I don't know if we've defined them anywhere, but my interpretations of the terms are: - weak: has significant flaws (e.g. SHA-1 has [1] RC4 has... several attacks[2]) - outdated: there is something better you should really use instead - deprecated: explicitly on the way out (e.g. affecting lock icon) - obsolete: gone In terms of Chrome treatment, I would place RC4/CBC as weak and outdated (but too popular to deprecate quite yet), SHA-1 as deprecated, and SSLv3 as obsolete. I've updated the CL with a patch that uses "outdated cipher suite" and "deprecated signature algorithm". [1] https://www.schneier.com/blog/archives/2012/10/when_will_we_se.html [2] http://en.wikipedia.org/wiki/RC4#Security Thanks for offering those two variants for SCTs, Ryan. I think the mention of Certificate Transparency is a good idea, since that is the phrase we want everyone to be familiar with.
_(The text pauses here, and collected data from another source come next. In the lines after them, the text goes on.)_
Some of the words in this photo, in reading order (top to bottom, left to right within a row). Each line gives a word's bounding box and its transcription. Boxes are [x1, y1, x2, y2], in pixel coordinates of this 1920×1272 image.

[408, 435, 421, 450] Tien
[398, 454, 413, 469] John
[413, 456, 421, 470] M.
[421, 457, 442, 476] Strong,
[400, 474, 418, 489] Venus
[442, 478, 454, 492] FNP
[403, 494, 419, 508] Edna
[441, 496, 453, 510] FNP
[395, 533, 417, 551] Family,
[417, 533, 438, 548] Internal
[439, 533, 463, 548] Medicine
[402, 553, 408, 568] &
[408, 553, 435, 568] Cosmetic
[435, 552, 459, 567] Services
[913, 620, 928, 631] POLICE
I'd like to avoid another round to discussions by keeping that change out of this CL, but I'll send out a quick email about a possible follow-up CL.
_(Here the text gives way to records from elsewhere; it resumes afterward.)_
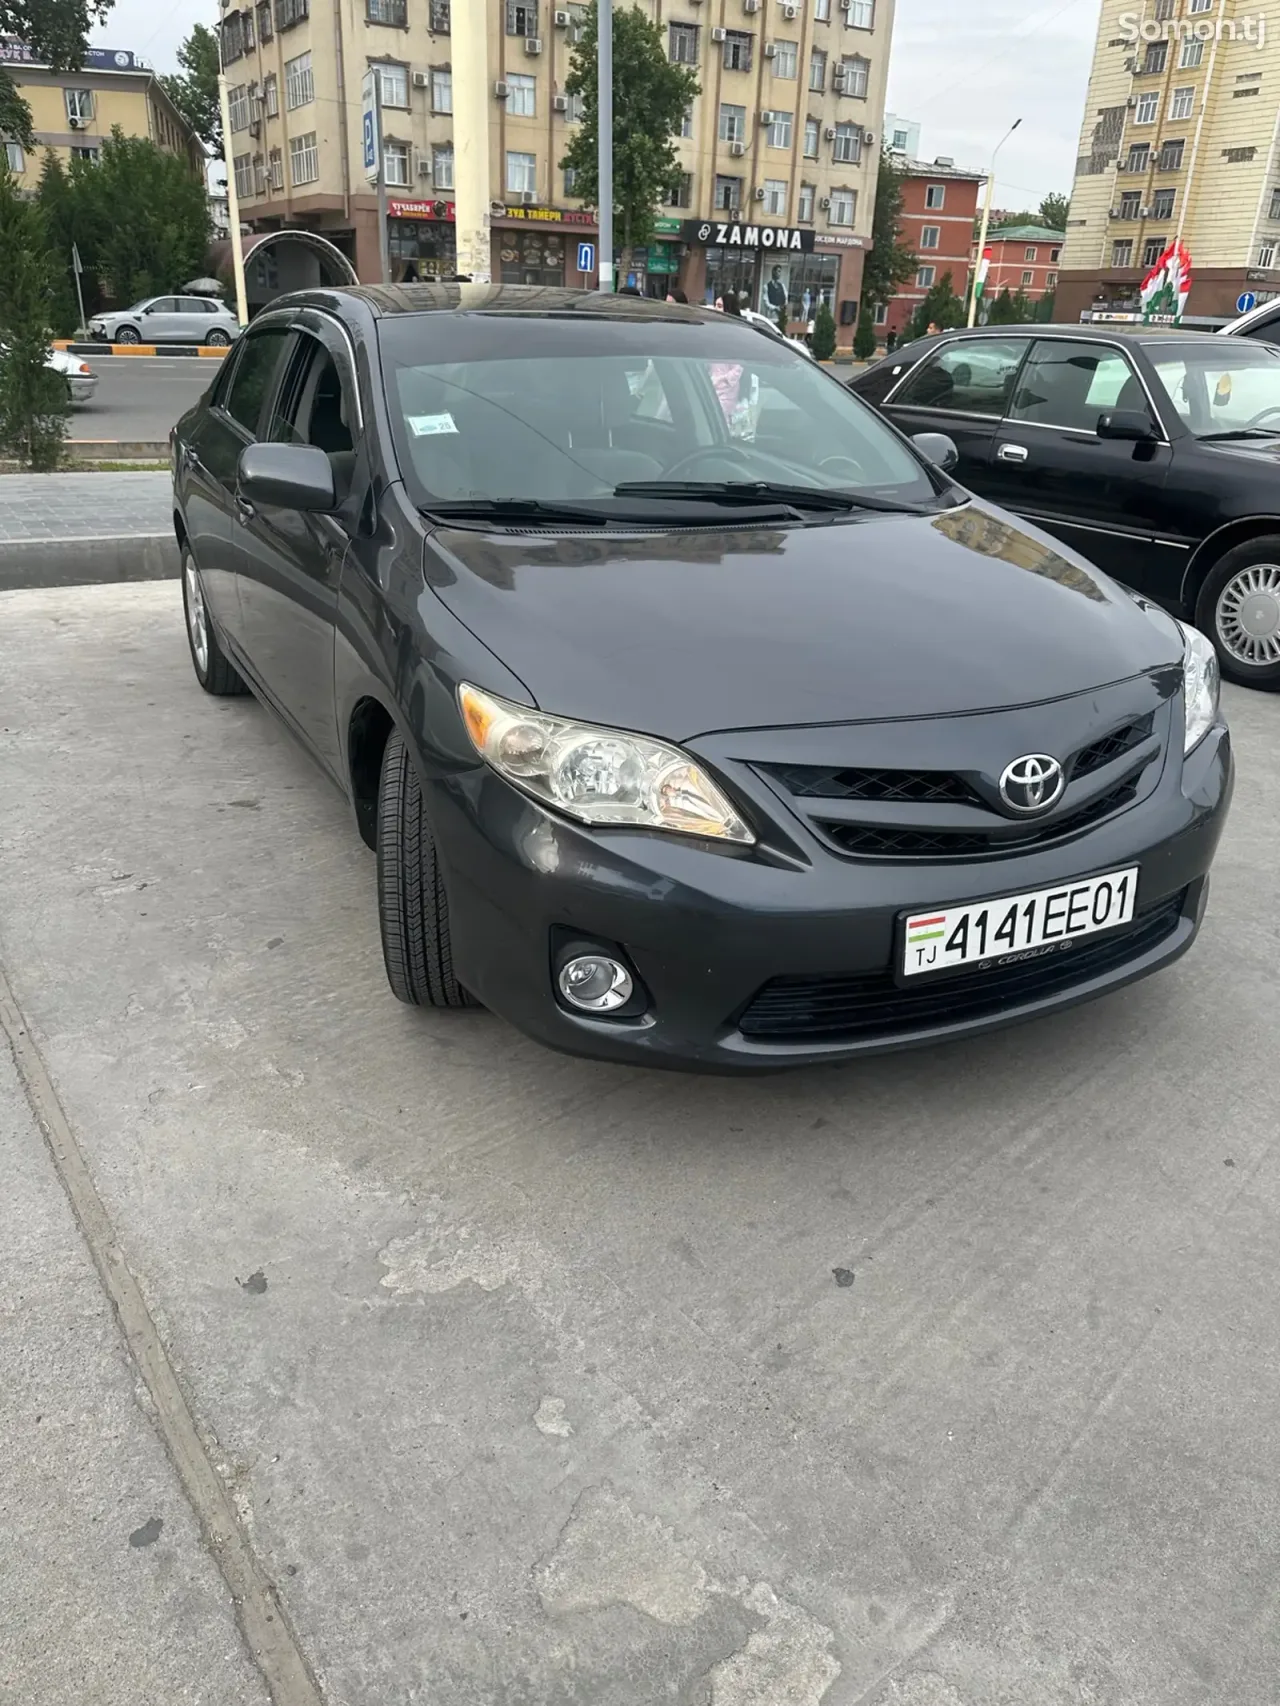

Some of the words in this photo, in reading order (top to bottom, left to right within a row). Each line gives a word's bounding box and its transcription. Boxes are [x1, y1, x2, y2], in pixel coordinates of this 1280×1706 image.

[507, 207, 525, 219] ЗУД
[716, 224, 802, 249] ZAMONA
[945, 876, 1129, 959] 4141EE01
[916, 945, 937, 966] TJ
[998, 945, 1055, 965] COROLLA
Patchset #6 (id:120001) has been deleted
I think I've addressed everyone's comments. felt@, palmer@, rsleevi@: Could you take one more look at the current version?
https://codereview.chromium.org/1109283003/diff/160001/chrome/app/generated_r... File chrome/app/generated_resources.grd (right): https://codereview.chromium.org/1109283003/diff/160001/chrome/app/generated_r... chrome/app/generated_resources.grd:9709: + The identity of this website has been verified by <ph name="ISSUER">$1<ex>VeriSign</ex></ph>; it claims to have public audit records, but the records cannot be verified. Mentioned on chat, but I think knowing that we're going to change all of these strings "shortly" anyways, there's no reason to change them now. Either we can wait on these changes until that thread ends (which I can't imagine will be more than a day, two tops), or you can land the change w/o these changes. I'm just not keen for unnecessary churn in the file; it feels like trying to rush this change before the conversation has settled. Even though well-intentioned/motivated, I'd rather get those issues sorted so we can holistically deal with these strings. It won't make anyone cry tears to have the comma here or the but there for a few more days.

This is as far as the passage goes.